Stars’ first record, Heart, showed
some New Order influences in its twinkling electronic
edges, but new effort Set Yourself On Fire is
far above and beyond any real comparison.
“I think with any band you begin by playing
your influences on your sleeve,” Evan affirms, “but
after six years you reach a point where you have
to ask yourself ‘how do we want to sound’.
I think with this record we’ve found our sound,
and it’s really gelled, and it sounds like
us now. We’re the kind of band who are very
focussed individuals and we make our physical situation
conducive to having to work – we went out into
this tiny French village in Quebec in the dead of
winter, and wrote and demoed these songs in the basement,
and that was only a month. The band was under its
own pressure in isolation. We like to just get it
done.”
While Stars may be from Toronto,
the band actually started in New York when frontman
Torquill Campbell
and keyboardist and string arranger Chris Seligman
founded the group and worked on debut EP Night
Songs whilst going to school. Evan and
Amy Millan (vocals and guitar) came along shortly
thereafter, and so Stars were born.
“New York was a very different place back
then,” he says wistfully. “There was
a certain freedom there that that place doesn’t
have any more, and every time we go there now the
place is full of rules of what you can and cannot
do, and the rents are skyrocketing, but it was a
great place to be creative for a while, and leaving
there was a really big part of our creative freedom.”
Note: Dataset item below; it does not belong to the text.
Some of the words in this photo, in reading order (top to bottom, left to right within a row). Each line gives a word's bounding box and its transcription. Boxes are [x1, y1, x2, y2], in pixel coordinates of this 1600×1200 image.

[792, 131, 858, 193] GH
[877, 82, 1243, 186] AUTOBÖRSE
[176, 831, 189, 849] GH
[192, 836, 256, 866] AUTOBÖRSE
Another aspect of that came through
being part of a burgeoning scene in Canada, with
the band spending
four years in Montreal. “That’s also
a big, big hotbed of music right now, and Toronto,
Montreal and Vancouver are all great epicentres for
a lot of great music right now.”
Why is that?
“I’m glad I’m talking to you about
this,” he says as he warms to the conversation, “because
we both come from very young countries. I find that
we’re not from a rich musical history, and
there is a window in the youth of this country for
people to create their own art forms and forge a
scene that has never really happened here before.
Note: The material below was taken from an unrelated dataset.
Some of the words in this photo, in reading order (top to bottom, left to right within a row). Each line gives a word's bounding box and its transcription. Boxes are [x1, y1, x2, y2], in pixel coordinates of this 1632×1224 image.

That’s kind of what makes it special in that
there’s a freedom to make something ‘ours’ here.
Canada hasn’t really had, as far as I know
(and I’ve been here my whole life), a strong
family-based independent music scene before. I don’t
know why that hasn’t existed, and I think people
feel that it’s really time to create something
for Canada, and something for us. Not necessarily
a Canadian sound, but with Arts & Crafts and
all these bands that play with each other, a sense
of community that was never here before.”
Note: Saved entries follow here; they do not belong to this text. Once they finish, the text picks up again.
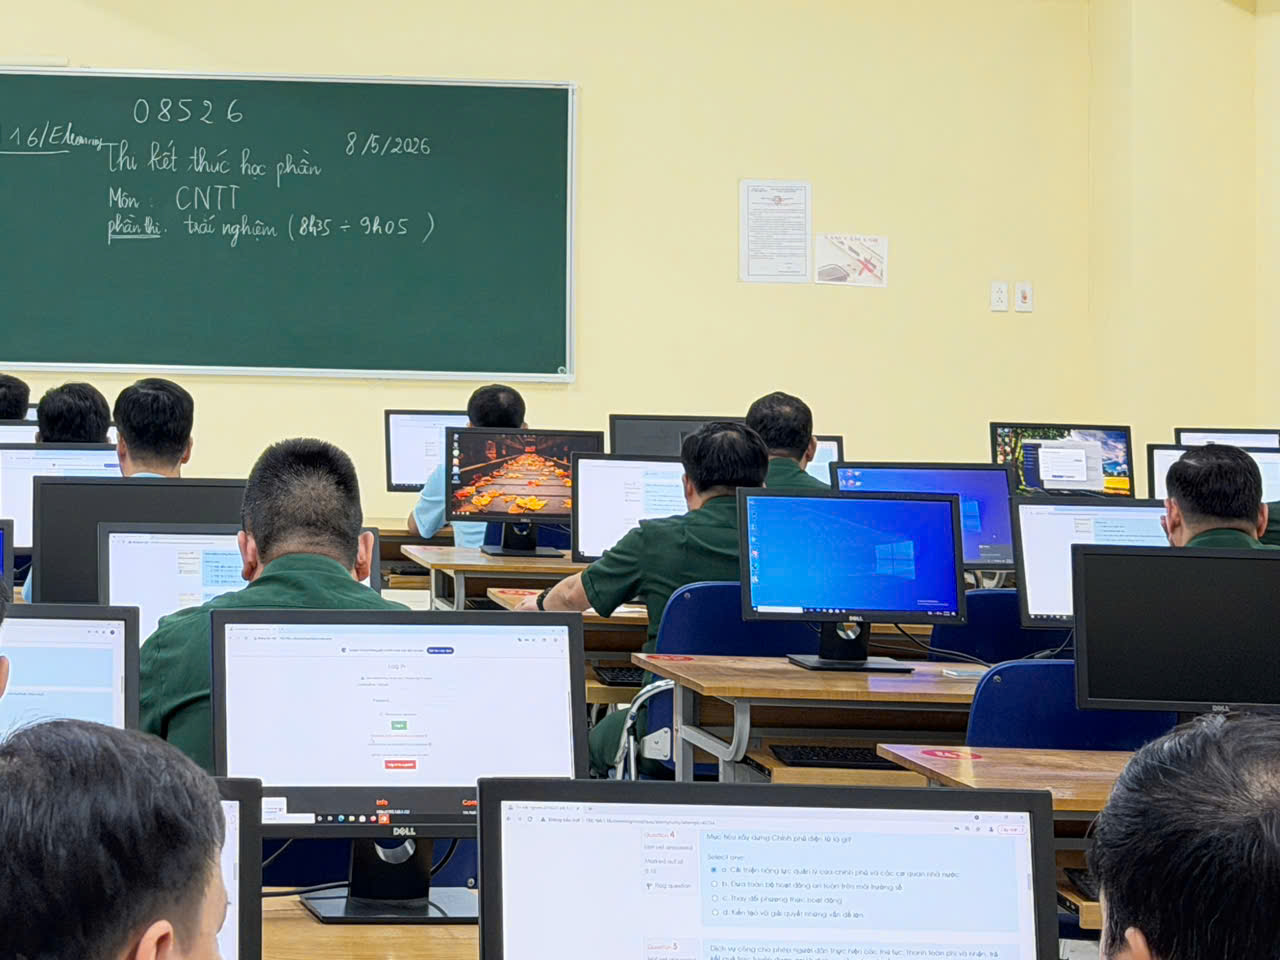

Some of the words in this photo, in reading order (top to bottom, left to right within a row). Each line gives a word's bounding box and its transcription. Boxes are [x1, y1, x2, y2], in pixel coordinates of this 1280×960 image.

[133, 98, 244, 124] 08526
[103, 140, 137, 172] Thi
[150, 139, 178, 173] kết
[240, 147, 267, 180] học
[276, 148, 322, 188] phần
[176, 184, 240, 211] CNTT
[107, 213, 141, 246] phần
[222, 214, 278, 248] nghiệm
[359, 215, 409, 236] 9h05
[392, 826, 417, 837] DELL
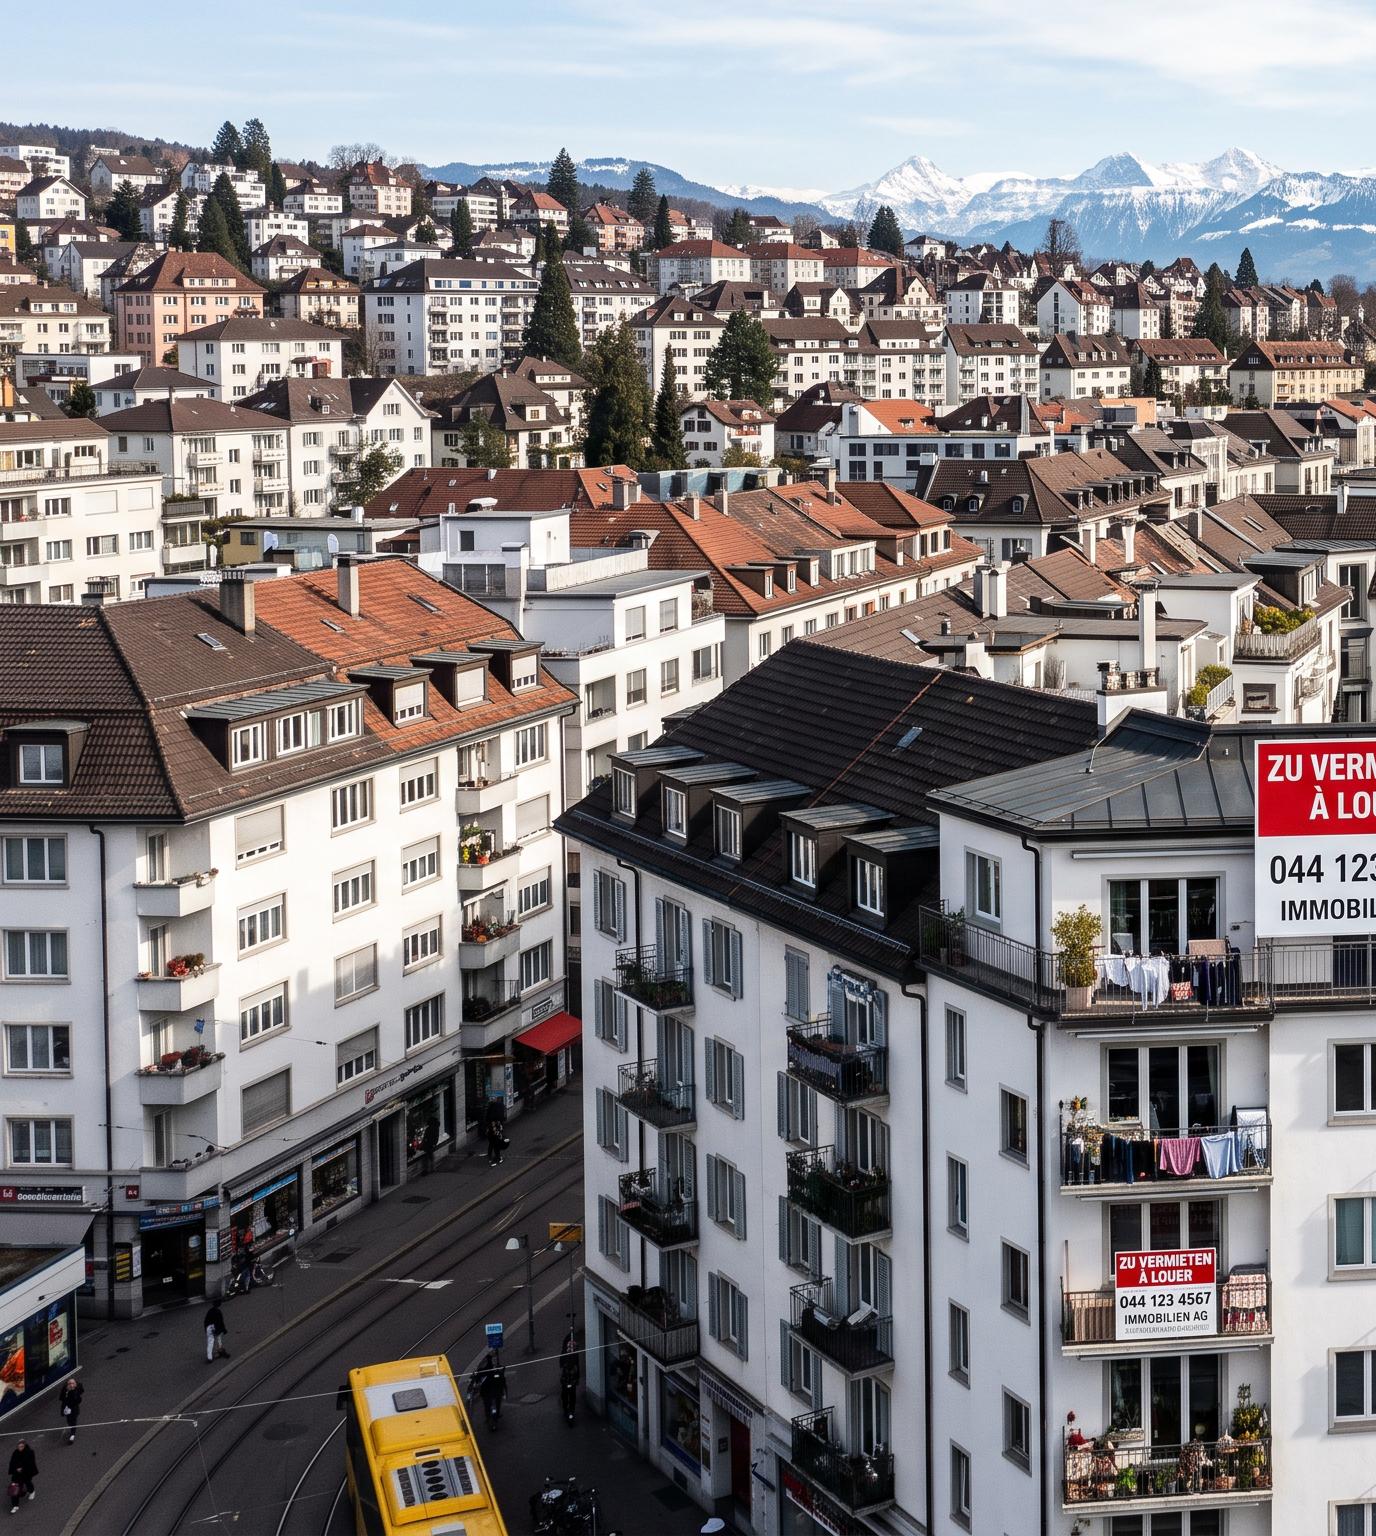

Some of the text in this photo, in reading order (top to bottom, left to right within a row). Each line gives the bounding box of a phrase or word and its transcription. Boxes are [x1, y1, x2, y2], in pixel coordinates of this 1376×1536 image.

[1267, 755, 1302, 781] ZU
[1309, 785, 1329, 820] À
[1270, 855, 1324, 884] 044
[1120, 1253, 1211, 1269] ZU VERMIETEN
[1151, 1269, 1192, 1283] LOUER
[1120, 1292, 1211, 1308] 044 123 4567
[1125, 1311, 1207, 1324] IMMOBILIEN AG
Expansive instrumentation abounds
on Set
Yourself on Fire, with the band really
pushing the boundaries of what you can do with ‘indie
rock’.
“One thing we have in common,” Evan
says of lazy journalistic comparisons between Stars
and Canuck pin-ups Arcade Fire, “is lush instrumentation,
but I really don’t know why that is. I wouldn’t
really call it a ‘sound’, but my community
of friends that includes a lot of those bands come
from a really good education – we all went
to really great music schools as kids and so we’re
all pretty well versed instrumentally.”
Set Yourself on Fire seems
to be deliberately thematic in terms of lyrics
as well,
with Campbell and Millan trading occasionally vicious
and spiteful verses.
“Everything we do is very deliberate – we’re
a very conceptual band,” he explains. “Before
we even started writing this record we had a really
good idea of what we wanted to say and how we wanted
it to sound, and when you’re a pop band I think
it’s really important to have really strong
conceptual ideas, and you really have to know what
you want to say, and we really want to be specific
with what we want to do. With pop music, if it’s
not specific then I find that it’s not as honest
as it could be if you didn’t have an agenda.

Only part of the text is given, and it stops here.